La justice a confirmé en appel la condamnation du militant du Parti de Gauche, qui a brandi une pancarte "Casse-toi pov' con" près de Nicolas Sarkozy.
C'est quoi cette histoire ?
Le 28 août dernier, Hervé Eon, militant du Parti de Gauche, se rend à une manifestation lors du passage de Nicolas Sarkozy dans sa ville de Laval (Mayenne). Au moment où passe le convoi présidentiel et alors qu'il est interpellé par la police, il brandit une pancarte "Casse-toi pov' con".
Poursuivi par la justice pour "offense au chef de l'Etat", ce demandeur d'emploi de 56 ans et ancien conseiller général PS de Mayenne avait été condamné en novembre 2008 à une "amende de principe" de "30 euros
avec sursis" par le tribunal de grande instance de Laval, alors que le parquet avait demandé une peine de 1.000 euros d'amende.
Très remonté à la suite de cette décision, il avait fait appel.
Le mardi 3 février, Hervé Eon a comparu devant la cour d'appel d'Angers (Maine-et-Loire).

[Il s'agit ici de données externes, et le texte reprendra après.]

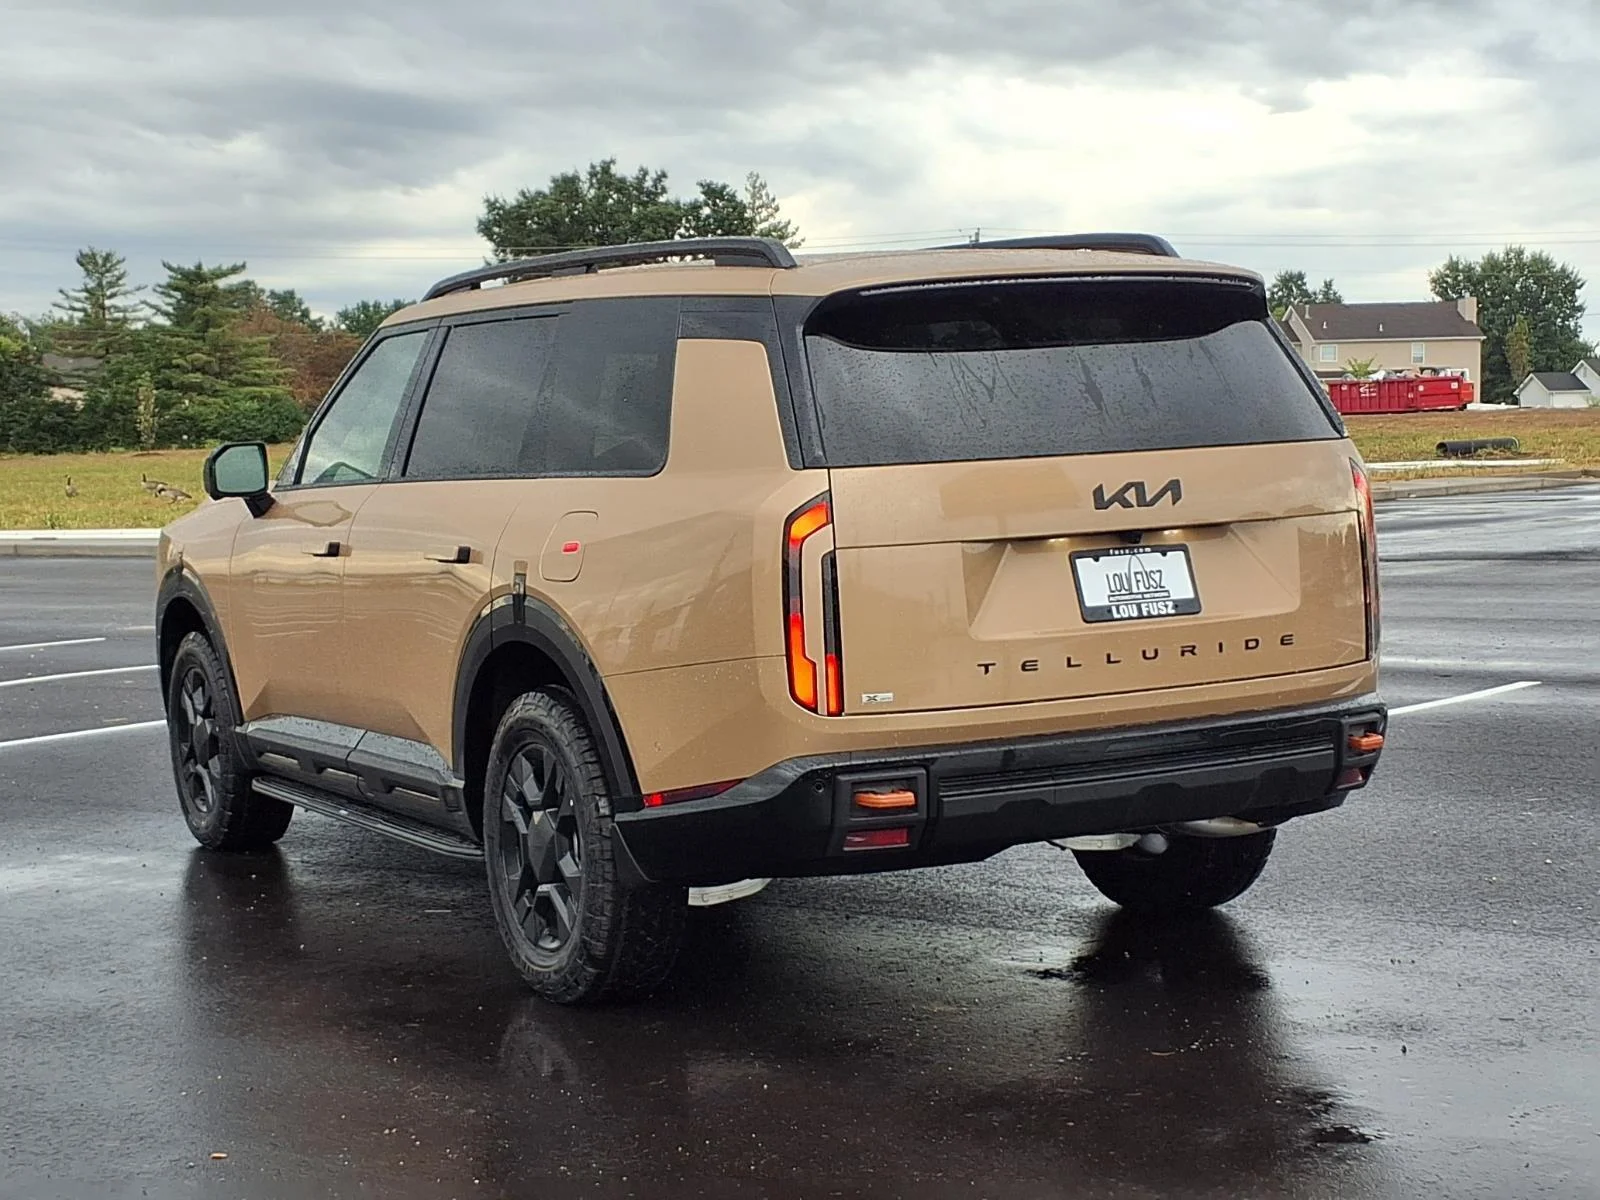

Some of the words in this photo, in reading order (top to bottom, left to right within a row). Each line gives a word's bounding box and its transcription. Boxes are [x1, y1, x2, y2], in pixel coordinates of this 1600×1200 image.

Lors de cette audience, il avait déclaré: "Au fond de moi-même, je n'ai pas le sentiment d'avoir offensé le chef de l'Etat" et "je n'irai pas m'excuser".

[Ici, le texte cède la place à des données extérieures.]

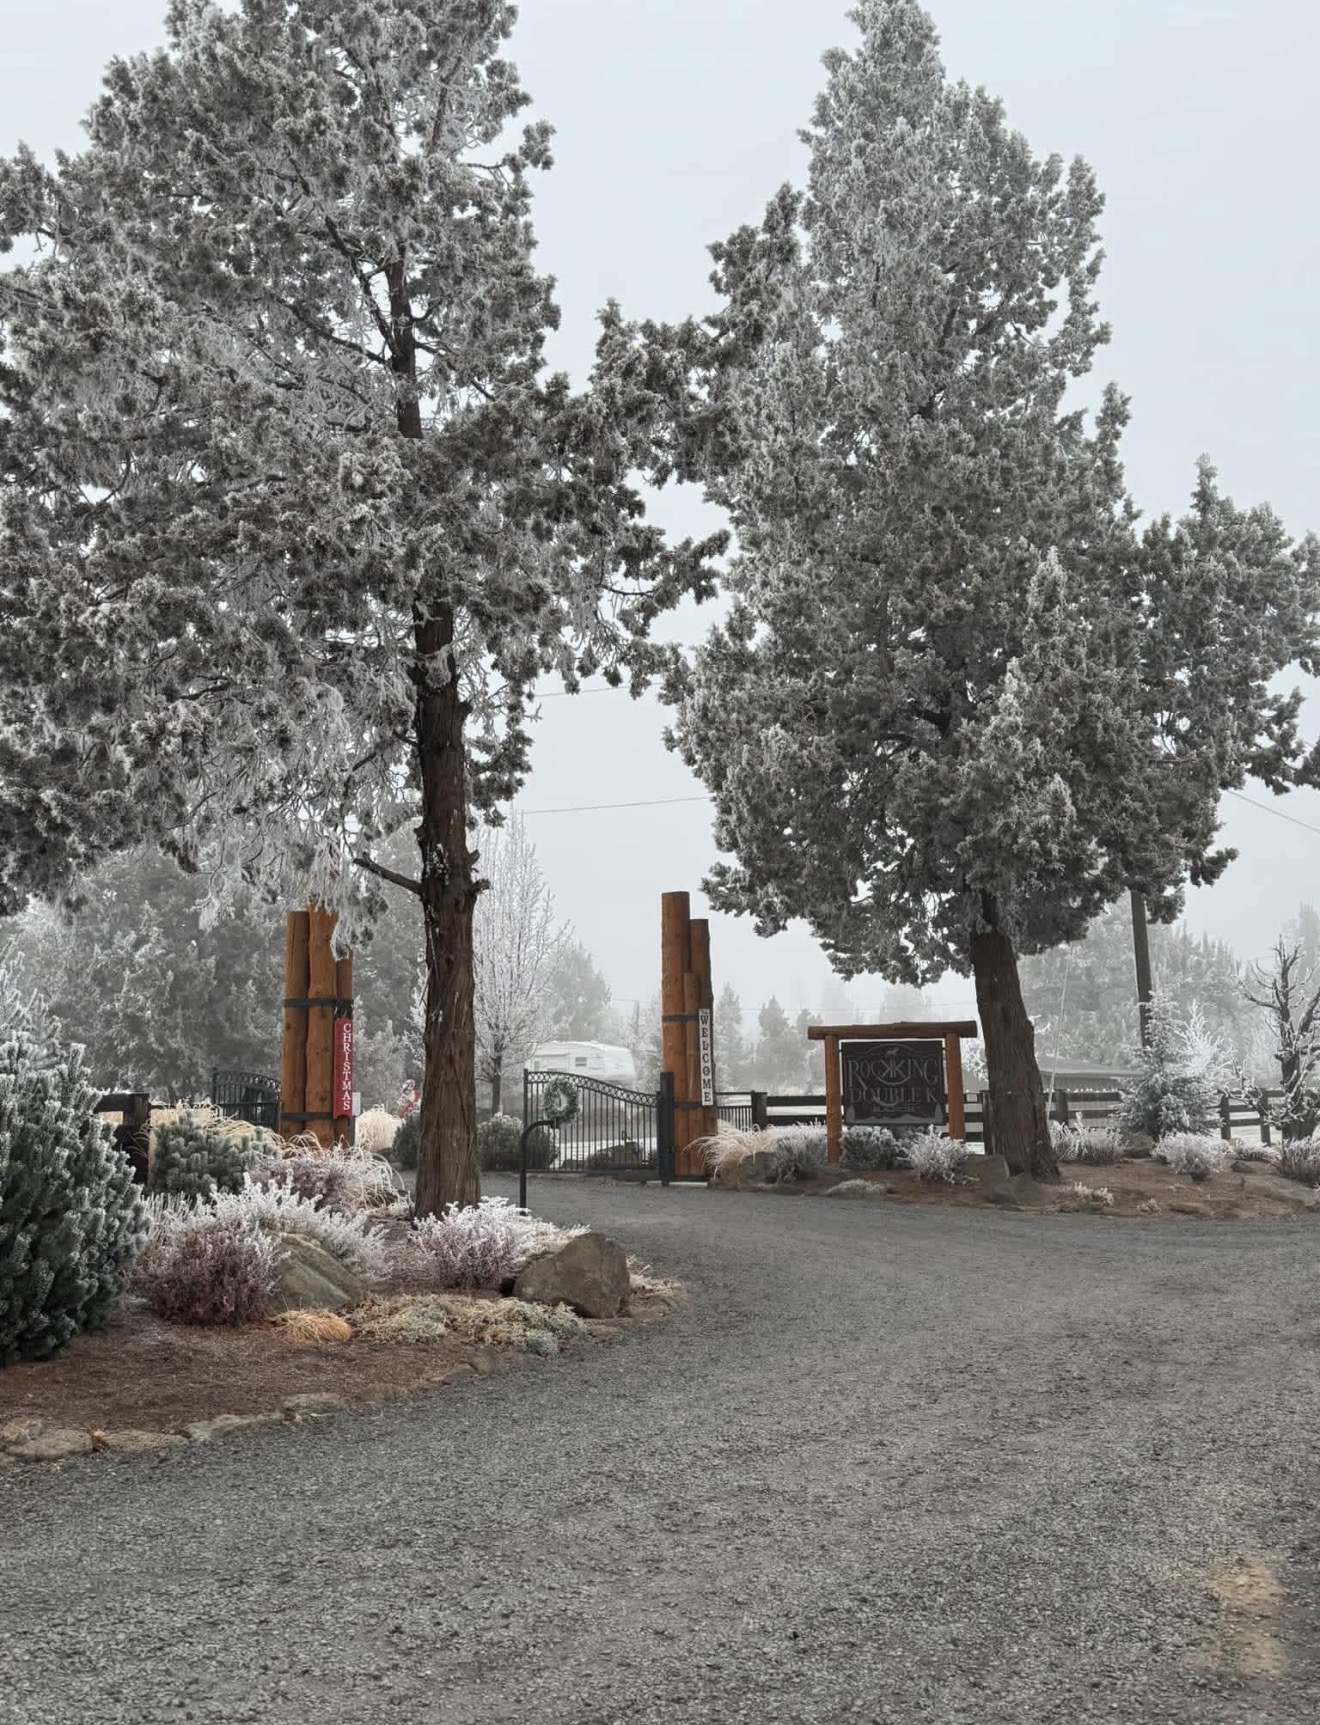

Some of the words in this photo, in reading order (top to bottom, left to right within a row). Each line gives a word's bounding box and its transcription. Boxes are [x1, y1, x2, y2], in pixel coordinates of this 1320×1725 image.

[342, 1023, 352, 1111] CHRISTMAS
[700, 1015, 712, 1103] WELCOME
[926, 1087, 938, 1103] K

Ce mardi, la cour d'appel d'Angers a confirmé la condamnation à 30 euros d'amende avec sursis prononcée en première instance pour offense contre le chef de l'Etat contre Hervé Eon.
La cour d'appel a confirmé le délit d'offense en soulignant que Hervé Eon avait préparé son acte et délibérément brandi son affichette au passage du cortège présidentiel en août dernier. "Son engagement politique et la nature même des propos employés, parfaitement prémédités, exclut définitivement toute notion de bonne foi", indique l'arrêt de la cour, d'après Le NouvelObs.com.

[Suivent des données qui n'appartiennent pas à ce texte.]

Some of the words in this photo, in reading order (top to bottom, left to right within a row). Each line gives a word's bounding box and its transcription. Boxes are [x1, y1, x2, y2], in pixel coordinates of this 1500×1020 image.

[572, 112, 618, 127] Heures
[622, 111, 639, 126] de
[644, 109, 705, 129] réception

Du coup, Hervé Éon a aussitôt déclaré qu'il allait se pourvoir en cassation et qu'il était prêt à aller, si nécessaire, devant la Cour européenne des droits de l'Homme.
À l'annonce de l'arrêt de la cour d'appel, Hervé Éon a déclaré, selon Ouest France.fr: "Je m'attendais à être condamné. Mais je trouve cette décision ridicule. J'irai jusqu'à la Cour européenne des droits de l'Homme pour faire changer la loi, s'il le faut. Car ce délit d'offense au chef de l'Etat est absurde, d'autant plus qu'il n'existe plus dans beaucoup de pays européens."
Ce procès "est un combat politique pour l'abrogation du délit d'offense", a-t-il encore expliqué.